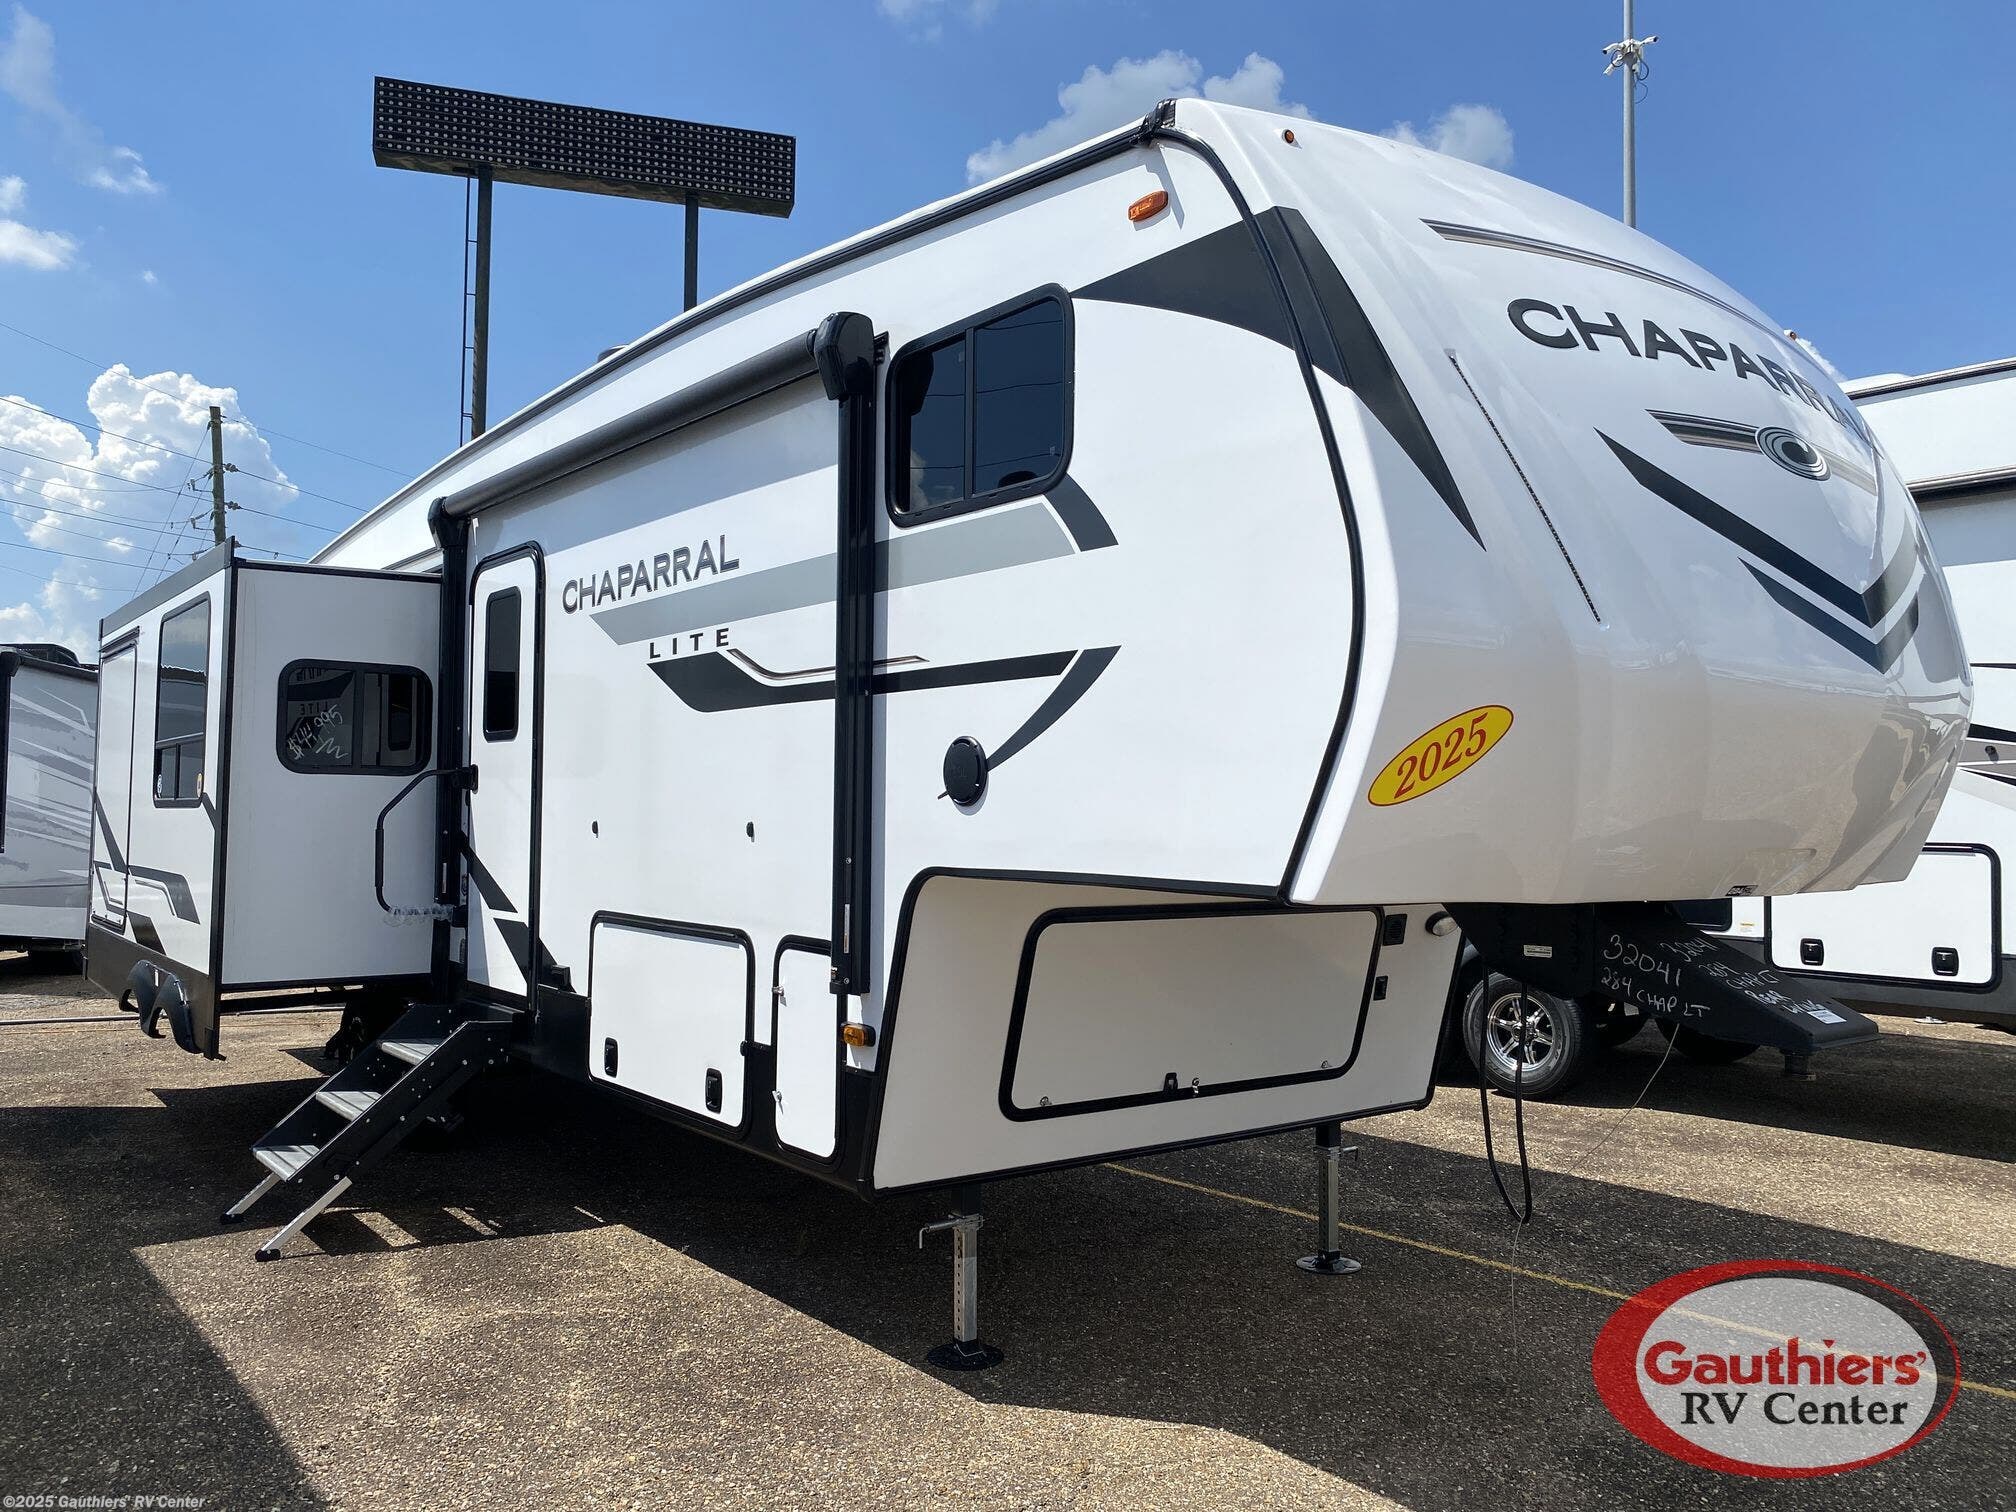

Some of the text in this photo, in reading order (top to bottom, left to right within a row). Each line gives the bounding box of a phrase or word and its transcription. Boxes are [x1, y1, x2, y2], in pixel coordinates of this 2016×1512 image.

[562, 534, 740, 615] CHAPARRAL
[649, 628, 730, 660] LITE
[1394, 712, 1488, 799] 2025
[1603, 934, 1682, 987] 32041
[1601, 967, 1711, 1018] 284 CHAP LT
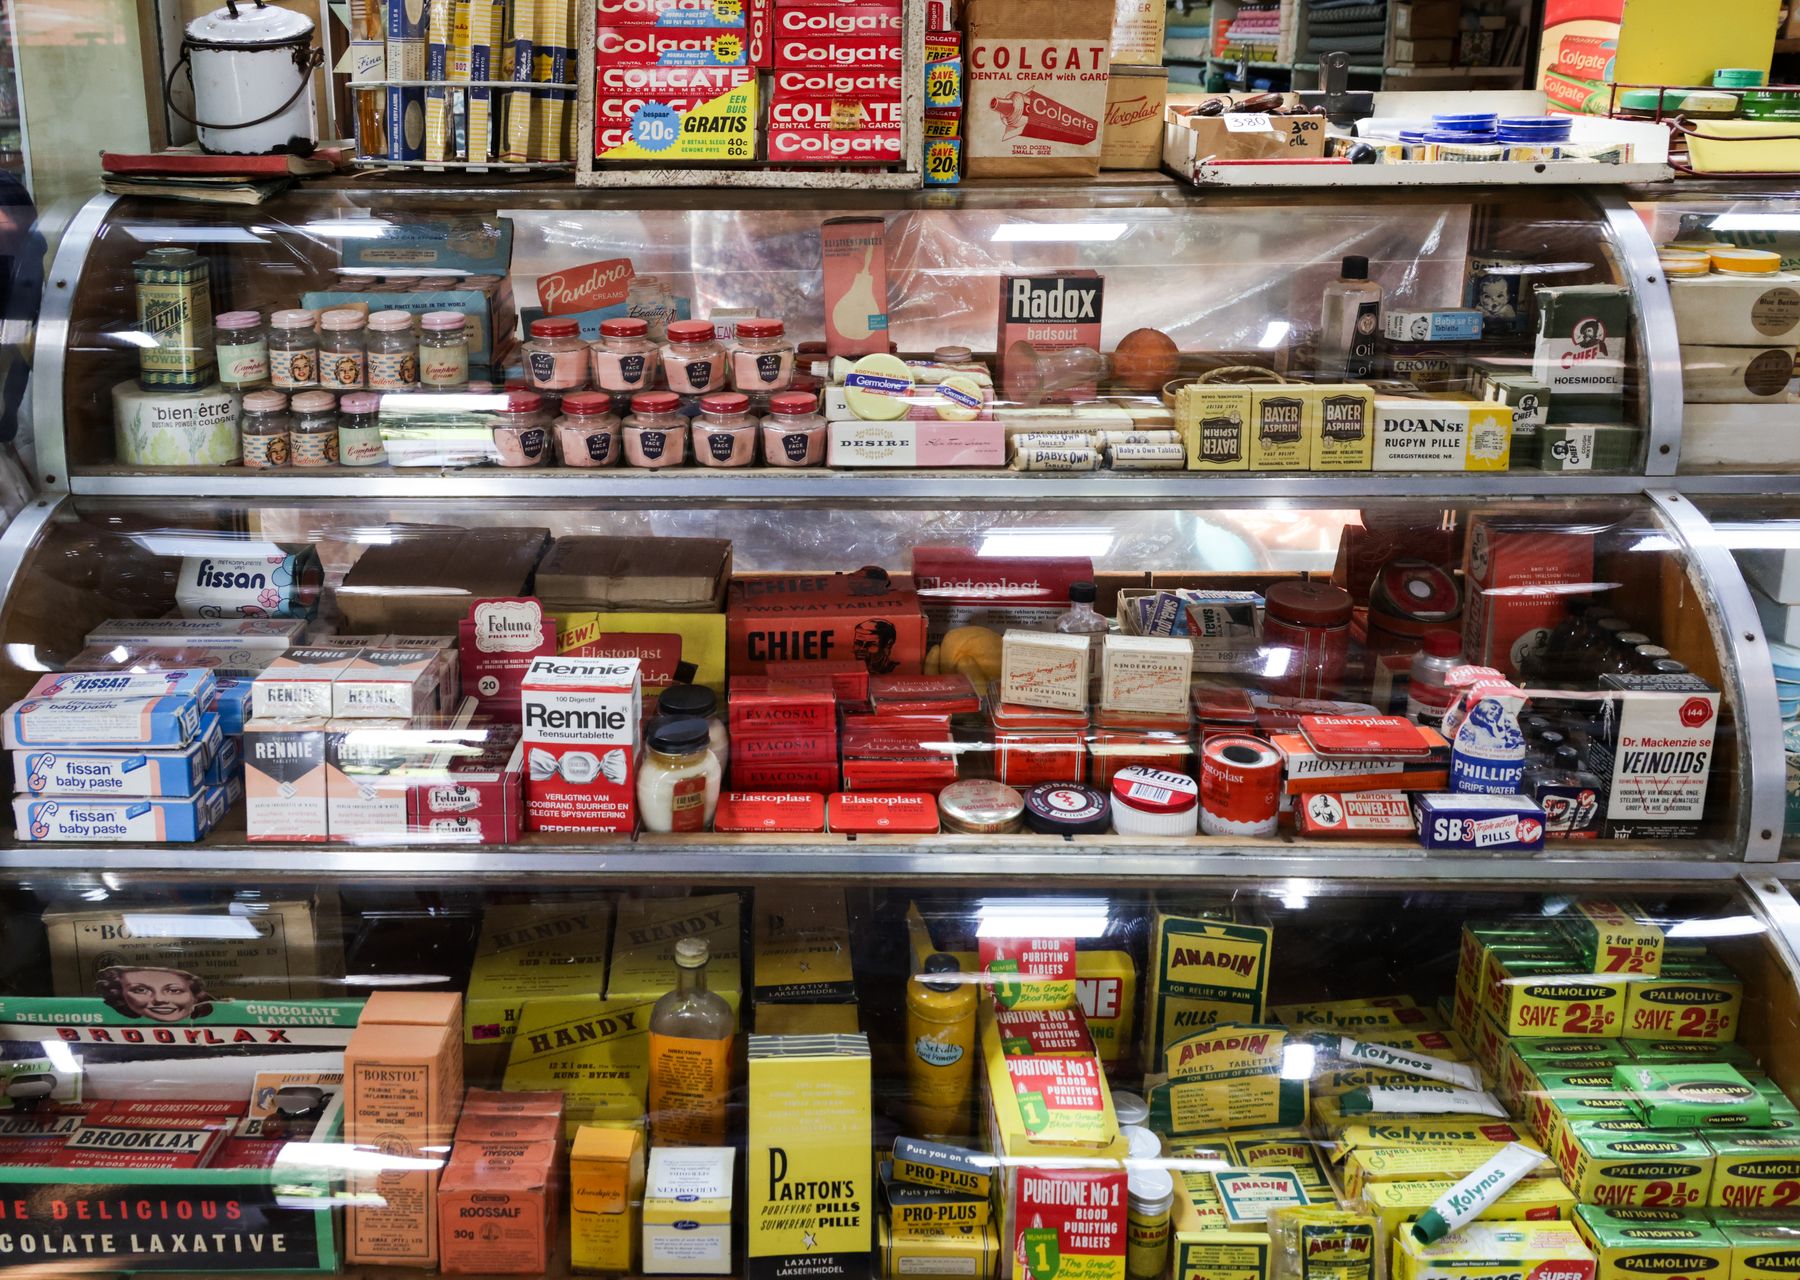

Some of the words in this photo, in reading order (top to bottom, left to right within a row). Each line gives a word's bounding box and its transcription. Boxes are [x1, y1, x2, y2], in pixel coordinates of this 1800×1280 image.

[926, 35, 957, 43] COLGATE
[1559, 49, 1605, 70] Colgate
[603, 69, 749, 88] COLGATE
[931, 70, 954, 80] SAVE
[971, 72, 1012, 81] DENTAL
[1016, 72, 1053, 81] CREAM
[1056, 72, 1076, 81] with
[931, 80, 957, 97] 20c
[729, 95, 748, 104] EEN
[643, 110, 670, 120] bespaar
[726, 105, 747, 114] BUIS
[1033, 98, 1094, 132] Colgate
[684, 116, 748, 133] GRATIS
[1232, 117, 1266, 128] 380
[638, 120, 674, 141] 20c
[926, 125, 952, 135] FREE
[727, 138, 748, 146] 40c
[775, 132, 900, 154] Colgate
[727, 147, 748, 156] 60c
[931, 147, 953, 157] SAVE
[931, 157, 956, 173] 20c
[539, 262, 632, 313] Pandora
[592, 291, 624, 301] CREAMS
[1011, 279, 1097, 318] Radox
[1027, 327, 1079, 341] badsout
[1355, 343, 1375, 357] Oil
[143, 355, 191, 364] POWDER
[856, 375, 902, 390] Germolene
[1554, 376, 1618, 385] HOESMIDDEL
[1264, 407, 1298, 422] BAYER
[1326, 405, 1361, 420] BAYER
[198, 414, 235, 427] COLOGNE
[1326, 422, 1361, 431] ASPIRIN
[1264, 423, 1298, 433] ASPIRIN
[840, 439, 910, 447] DESIRE
[1385, 438, 1426, 448] RUGPYN
[1432, 438, 1460, 448] PILLE
[196, 559, 266, 589] fissan
[836, 600, 904, 610] TABLETS
[488, 614, 532, 633] Feluna
[556, 623, 596, 650] NEW!
[747, 630, 834, 661] CHIEF
[291, 650, 347, 659] RENNIE
[369, 652, 426, 660] RENNIE
[581, 646, 662, 661] Elastoplast
[531, 661, 631, 675] Rennie
[482, 681, 496, 690] 20
[569, 695, 596, 704] Digestif
[526, 702, 627, 730] Rennie
[1687, 708, 1704, 717] 144
[1313, 716, 1401, 727] Elastoplast
[538, 729, 615, 740] Teensuurtablette
[1622, 737, 1638, 747] Dr.
[1641, 737, 1697, 747] Mackenzie
[1698, 738, 1712, 747] se
[255, 743, 312, 759] RENNIE
[66, 762, 111, 775] fissan
[1622, 751, 1707, 774] VEINOIDS
[56, 776, 87, 790] baby
[89, 777, 124, 790] paste
[1136, 767, 1193, 786] Mum
[1459, 781, 1484, 793] GRIPE
[1486, 785, 1515, 795] WATER
[434, 792, 472, 803] Feluna
[545, 793, 591, 802] VERLIGTING
[592, 794, 610, 802] VAN
[730, 793, 812, 804] Elastoplast
[841, 795, 923, 806] Elastoplast
[1355, 793, 1393, 801] PARTON'S
[576, 801, 617, 810] SUURHEID
[618, 802, 629, 810] EN
[1349, 801, 1407, 817] POWER-LAX
[70, 810, 115, 823] fissan
[529, 808, 560, 817] SLEGTE
[561, 809, 626, 819] SPYSVERTERING
[59, 823, 91, 836] baby
[93, 823, 127, 836] paste
[1434, 818, 1475, 842] SB3
[1496, 819, 1518, 829] action
[1481, 831, 1511, 843] PILLS
[1031, 939, 1060, 950] BLOOD
[1606, 935, 1613, 945] 2
[1615, 934, 1634, 945] for
[1637, 936, 1661, 948] only
[1022, 951, 1069, 963] PURIFYING
[1171, 946, 1257, 977] ANADIN
[1028, 963, 1064, 975] TABLETS
[1169, 984, 1185, 994] FOR
[1189, 986, 1215, 996] RELIEF
[1218, 989, 1228, 997] OF
[1232, 991, 1250, 1000] PAIN
[1533, 986, 1607, 998] PALMOLIVE
[1650, 990, 1726, 1002] PALMOLIVE
[16, 1013, 104, 1023] DELICIOUS
[246, 1004, 341, 1018] CHOCOLATE
[1296, 1009, 1390, 1026] Kolynos
[1518, 1004, 1560, 1027] SAVE
[257, 1015, 336, 1026] LAXATIVE
[1174, 1010, 1218, 1027] KILLS
[1634, 1008, 1675, 1030] SAVE
[56, 1026, 292, 1045] BROOKLAX
[528, 1011, 638, 1054] HANDY
[1179, 1034, 1270, 1067] ANADIN
[1351, 1042, 1433, 1071] Kolynos
[1067, 1060, 1084, 1076] No
[1085, 1061, 1096, 1077] 1
[1176, 1064, 1215, 1076] TABLETS
[76, 1130, 200, 1149] BROOKLAX
[1368, 1124, 1477, 1142] Kolynos
[1613, 1143, 1680, 1152] PALMOLIVE
[768, 1147, 855, 1202] PARTON'S
[904, 1162, 979, 1189] PRO-PLUS
[1610, 1165, 1691, 1176] PALMOLIVE
[1023, 1177, 1088, 1207] PURITONE
[1090, 1184, 1110, 1206] No
[1110, 1183, 1120, 1206] 1
[1231, 1181, 1288, 1193] ANADIN
[1449, 1168, 1507, 1217] Kolynos
[1593, 1184, 1638, 1206] SAVE
[53, 1200, 242, 1220] DELICIOUS
[459, 1207, 522, 1219] ROOSSALF
[761, 1203, 812, 1217] PURIFYING
[815, 1202, 861, 1214] PILLS
[903, 1205, 977, 1222] PRO-PLUS
[1075, 1207, 1109, 1221] BLOOD
[760, 1217, 816, 1231] SUIWERENDE
[818, 1216, 861, 1228] PILLE
[1063, 1221, 1118, 1235] PURIFYING
[453, 1229, 475, 1240] 30g
[1070, 1234, 1111, 1249] TABLETS
[131, 1233, 287, 1253] LAXATIVE
[784, 1257, 834, 1267] LAXATIVE
[1624, 1258, 1709, 1269] PALMOLIVE
[776, 1265, 844, 1277] LAKSEERMIDDEL
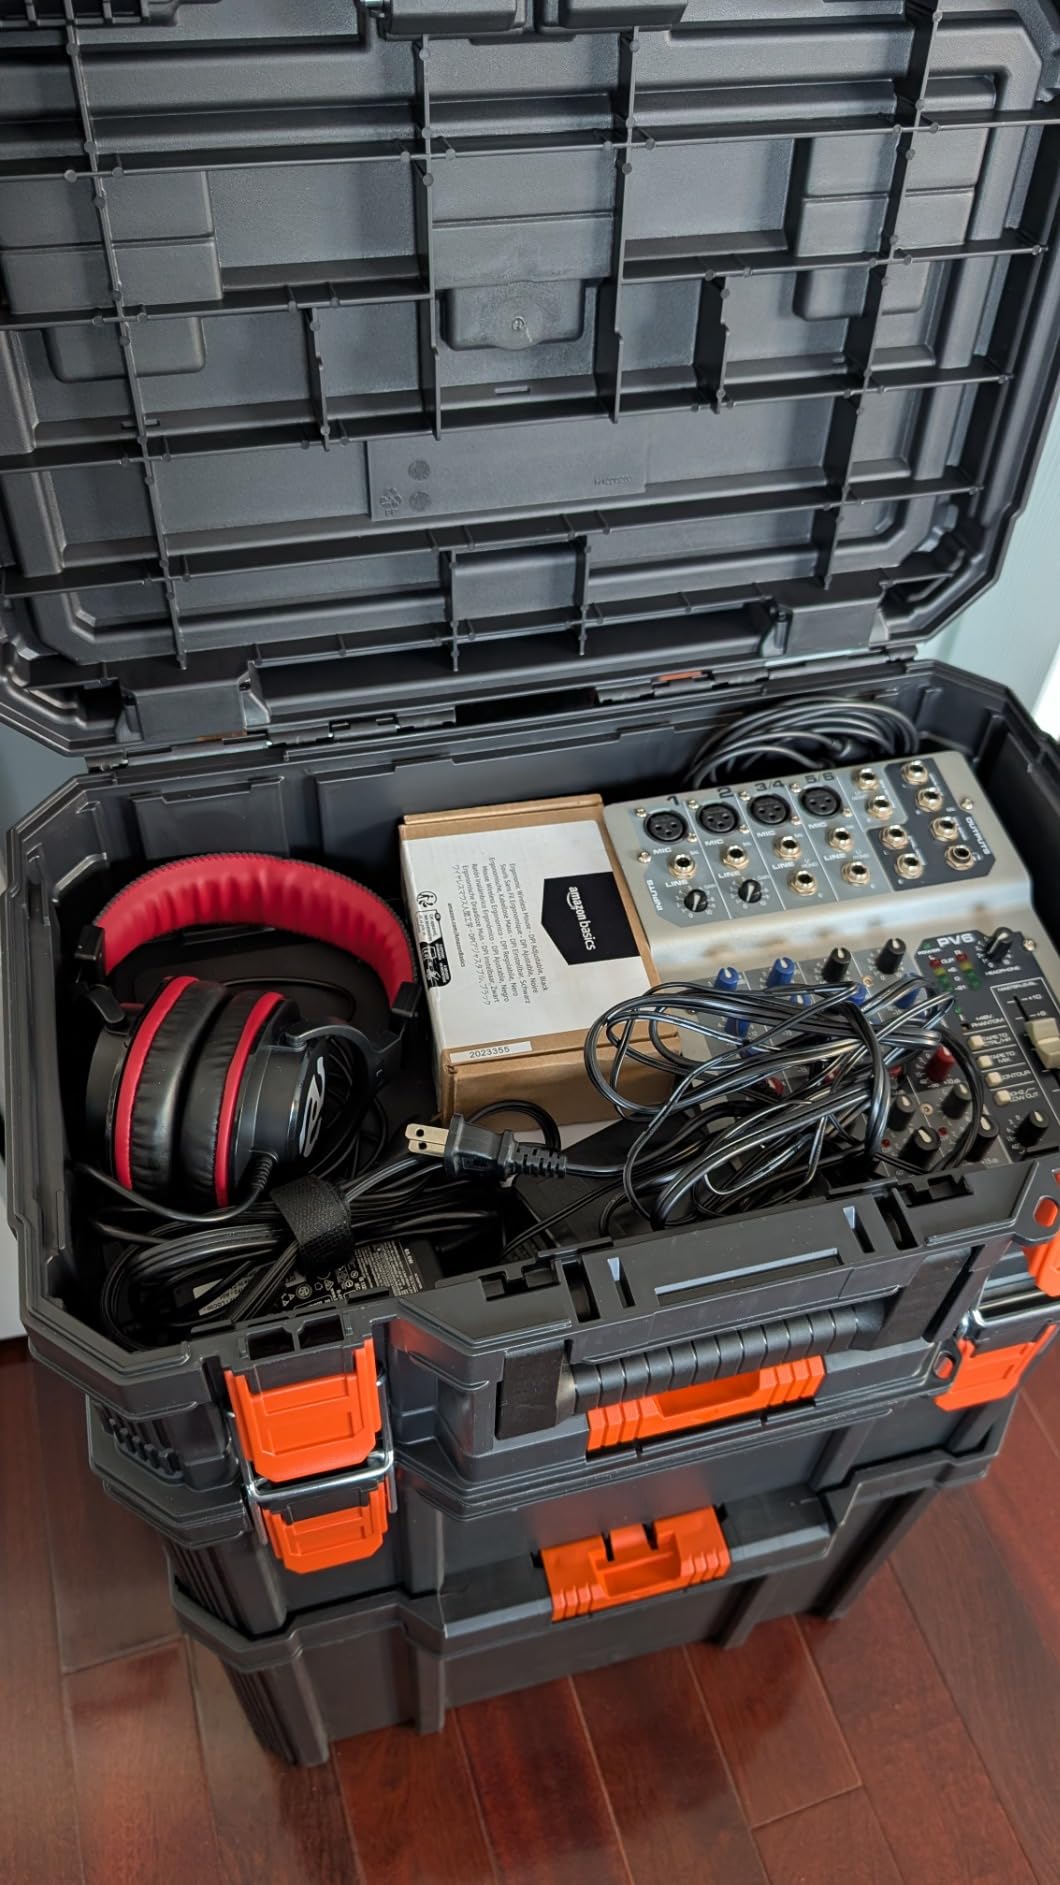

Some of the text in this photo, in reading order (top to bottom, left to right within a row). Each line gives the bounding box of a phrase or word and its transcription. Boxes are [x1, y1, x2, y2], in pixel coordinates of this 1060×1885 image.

[805, 772, 834, 783] 5/6
[755, 780, 784, 791] 3/4
[717, 787, 734, 798] 2
[667, 796, 679, 806] 1
[757, 830, 776, 838] MIC
[965, 816, 991, 855] OUTPUTS
[705, 838, 724, 846] MIC
[823, 853, 846, 862] LINE
[772, 861, 795, 870] LINE
[718, 870, 741, 879] LINE
[665, 879, 688, 888] LINE
[646, 880, 663, 911] INPUTS
[567, 887, 596, 951] amazon basics
[937, 933, 975, 948] PV6
[499, 983, 510, 1002] Negro
[469, 1046, 510, 1059] 2023355

To do: From the entries, report each line that includes the word "fissan".

Task answer:
[196, 559, 266, 589] fissan
[66, 762, 111, 775] fissan
[70, 810, 115, 823] fissan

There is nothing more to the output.